Use + Remix

Spotify’s data grab moves listeners to the music

Platforms such as Spotify are collecting more data from users than ever before. : Sry85, Wikimedia Commons Platforms such as Spotify are collecting more data from users than ever before: Sry85, Wikimedia Commons

The power of platforms to suggest content we may like is a boon for convenience, but secrecy around data collection raises troubling questions.

Billions of people receive recommendations from digital platforms that impact on their daily offline life. What series they binge next, where they go on holiday, their next favourite song and the people they date are often shaped by the algorithmic curation of digital platforms.

Platforms need to know as much as possible about their users in order to make these recommendations. But the full extent of the data that companies collect and use is still largely a closely guarded secret.

Recent research has found that Spotify and Tinder are extracting an ever-growing amount of data from users. Through an analysis of successive versions of the platforms’ terms of use and privacy policies, the research shows the growing types of data taken: in Spotify’s case, photos, location, voice data, and personal information like payment details are being collected.

Both companies vaguely list the types of user data they collect – in Spotify’s case, data “for marketing, promotion, and advertising purposes”. But why would a platform like Spotify use voice data? On its website, the company lists several reasons for collecting various types of data, but these explanations, like many other platforms’, are vague and open to interpretation.

But even if the reasons were clearly stated, there is no way of knowing whether what we’re being told is true. The underlying code driving the algorithms is protected and platforms are under no legal obligation to share it.

In its 2021 policy, Spotify explicitly said that some user data is used in its recommendations. The company reserves the right to “make inferences” about users’ interests, and says “the content [users] view” is determined not just by their data but by Spotify’s commercial agreements with third parties. What Spotify markets as highly personalised, tailored content is influenced by factors outside users’ listening data, including agreements with artists and labels.
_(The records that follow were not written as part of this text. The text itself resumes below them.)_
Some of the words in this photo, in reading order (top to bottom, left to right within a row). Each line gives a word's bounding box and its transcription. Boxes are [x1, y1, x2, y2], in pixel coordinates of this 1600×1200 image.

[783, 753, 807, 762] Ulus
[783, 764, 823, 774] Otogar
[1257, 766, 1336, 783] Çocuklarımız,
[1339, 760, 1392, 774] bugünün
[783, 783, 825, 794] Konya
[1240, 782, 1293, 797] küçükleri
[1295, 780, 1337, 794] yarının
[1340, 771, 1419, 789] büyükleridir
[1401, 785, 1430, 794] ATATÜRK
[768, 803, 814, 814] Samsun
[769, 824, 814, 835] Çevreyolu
This two-pronged approach is a pincer movement: an exploitative strategy that simultaneously attacks user privacy and rights while defining their tastes, choices and identity. The first movement is about extracting as much data and information from users as possible. Once this data is processed, the second movement is about conditioning users’ online and offline behaviours.
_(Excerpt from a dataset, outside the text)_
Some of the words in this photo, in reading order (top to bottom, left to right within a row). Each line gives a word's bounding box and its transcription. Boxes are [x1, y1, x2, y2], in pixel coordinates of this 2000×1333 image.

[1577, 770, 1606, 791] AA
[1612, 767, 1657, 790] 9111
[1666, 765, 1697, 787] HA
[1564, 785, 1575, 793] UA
The opaque way in which digital platforms collect and use user data demonstrates how power can be enacted through technology by monitoring, guiding and adjusting behaviours in subtle ways.

In the unregulated corners of cyberspace, digital platforms are not obliged to share their functionalities.

Relatively free of legal restrictions, companies that collect data consolidate their power to do so in a few ways. Companies unilaterally decide upon their own terms and conditions and privacy policies, and these can be changed at any time.

Since beginning in 2013, Spotify’s terms of service have grown to over 10 000 words, including several changing secondary agreements.

Software updates can create new norms for using the app. For example, in 2019 Spotify drastically changed the user interface so that users had less control over the music they could listen to. Users were told the update was “fixing performance issues”, but the new version made changes that removed features, reducing users’ ability to navigate their libraries.

Regulatory intervention may be the only viable solution to initiating or restoring a more democratic cyberspace. The European Union is already taking steps in this direction. On 22 March 2022, the European Parliament and Council approved a Digital Services Act (DSA) to “create a safe and accountable online environment”.

The DSA touches upon the need for platforms to be held to account for their societal impact, outlining a number of obligations for digital platforms that seek to operate in Europe, such as transparent reporting, measures against abuse, and giving users the choice to opt out of recommendations based on profiling.

The DSA is one move towards more universal mechanisms that circumvent the secrecy around the operation of powerful digital platforms and the companies behind them. As more users know how much data is collected from them and start questioning why and how it is used, lack of transparency from companies will become less likely to be accepted.

Dr Fabio Morreale is a Senior Lecturer at Waipapa Taumata Rau (The University of Auckland). He has a PhD in computer science and his current research is focused on investigating the cultural, political and ethical impact of artificial intelligence in the creative arts.

Dr Morreale declared no conflicts of interest in relation to this article.

Originally published under Creative Commons by 360info™.

Editors Note: In the story “Platforms and power” sent at: 16/05/2022 12:00.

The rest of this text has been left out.